# Limpando os dados do TSE

[Voltar ao Índice](00_indice.ipynb)

Esse notebook pega como input os dados brutos do TSE e os limpa e padroniza (coloca os dados de todos os anos, de 2004 a 2020, no mesmo formato e estrutura).

Note que, nos casos de anos passados nos quais os dados eram disponibilizados sem cabeçalho, esse processo depende da existência de arquivos `header.txt` nos diretórios dos arquivos brutos. Esse arquivo não vem com os dados brutos, e foi criado com o script `../scripts/criaHeader.py` e os arquivos com a lista de colunas no diretório `../dados/aux/`.

In [1]:
import os
import pandas as pd
import numpy as np
import re
import csv
from glob import glob

import utils as xu

## Funções de plotagem

Para testar e comparar a composição das colunas. Foram movidas para o arquivo `plot_comparison.py`. Isso pode causar problemas abaixo, mas basta carregar o módulo e usá-lo para resolver o problema.

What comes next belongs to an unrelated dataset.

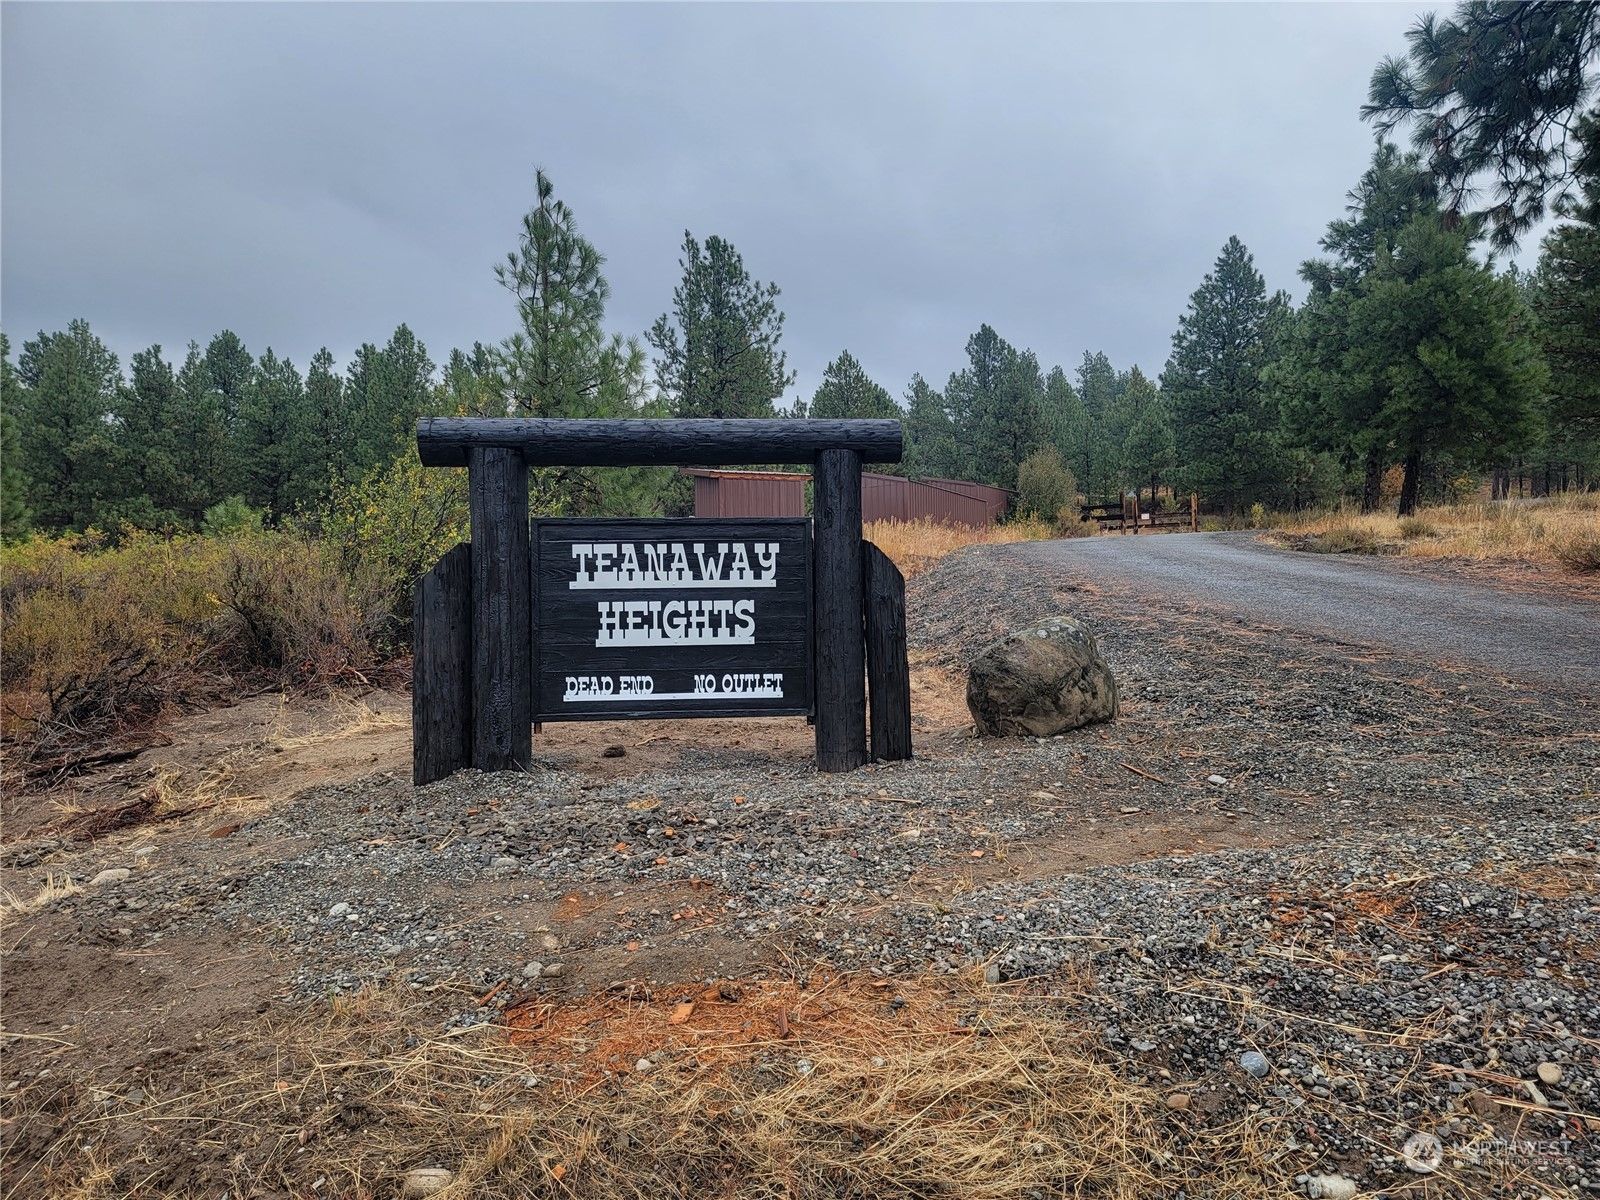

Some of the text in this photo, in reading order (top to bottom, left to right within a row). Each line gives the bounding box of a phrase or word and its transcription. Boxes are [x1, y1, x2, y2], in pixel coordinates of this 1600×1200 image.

[571, 543, 779, 585] TEANAWAY
[597, 600, 756, 642] HEIGHTS
[565, 673, 783, 697] DEAD END NO OUTLET

## Funções de carregar e preparar dados

In [2]:
def load_tse_file(filename, header=None, conv=None, verbose=False):
    """
    Given a data file from TSE and a header (required if file does not 
    have a header, and this happens when the file has a .txt extension),
    load it.
    """
    
    if filename[-4:] == '.txt' and type(header) == type(None):
        if verbose:
            print('Will load header.')
        data_dir = '/'.join(filename.split('/')[:-1])
        header   = pd.read_csv(data_dir + '/header.txt', sep=';').columns
    
    # Load TSE file:
    df = pd.read_csv(filename, sep=';', encoding='latin1', names=header, low_memory=False, converters=conv)
    
    return df


def substr_in_list(str_list, substr, not_in=False):
    """
    Return the items in list `str_list` that contains `substr` (str).
    """
    if not_in:
        sel_str = list(filter(lambda s: s.find(substr) == -1, str_list))
    else:
        sel_str = list(filter(lambda s: s.find(substr) != -1, str_list))
    return sel_str


def n_substr_in_list(str_list, substr):
    """
    Return the number of strings in list `str_list` that contains `substr` (str).
    """
    sel_str = substr_in_list(str_list, substr)
    return len(sel_str)


def substr_in_list_Q(str_list, substr, only_one=False):
    """
    Return True if `substr` (str) is a substring of any one of the items 
    in `str_list` list, or False otherwise.
    """
    n = n_substr_in_list(str_list, substr)
    if only_one & n > 1:
        raise Exception('Found more than one item in list with "' + substr + '" substring.')
    if n >= 1:
        return True
    else:
        return False

    
def load_tse_dir(data_dir, conv=None, verbose=False):
    """
    Given a directory `data_dir` with data from TSE and a file 
    called 'header.txt' containing column names if the TSE files 
    do not contain headers, load all files i the folder to a single
    Pandas DataFrame by concatenating them.
    """
    
    # Get file list in folder:
    file_list   = glob(data_dir + '*.txt') + glob(data_dir + '*.csv')
    txt_A = substr_in_list_Q(file_list, '.txt')
    csv_A = substr_in_list_Q(file_list, '.csv')
    # Sanity checks and messages:
    if csv_A and txt_A:
        raise Exception("Found both TXT and CSV files, don't know what to do.")
    if verbose:
        if txt_A:
            print('Found TXT files. Will require header file.')
        if csv_A:
            print('Found CSV files.')
            
    # Get list of data files:
    data_list = substr_in_list(file_list, 'header', not_in=True)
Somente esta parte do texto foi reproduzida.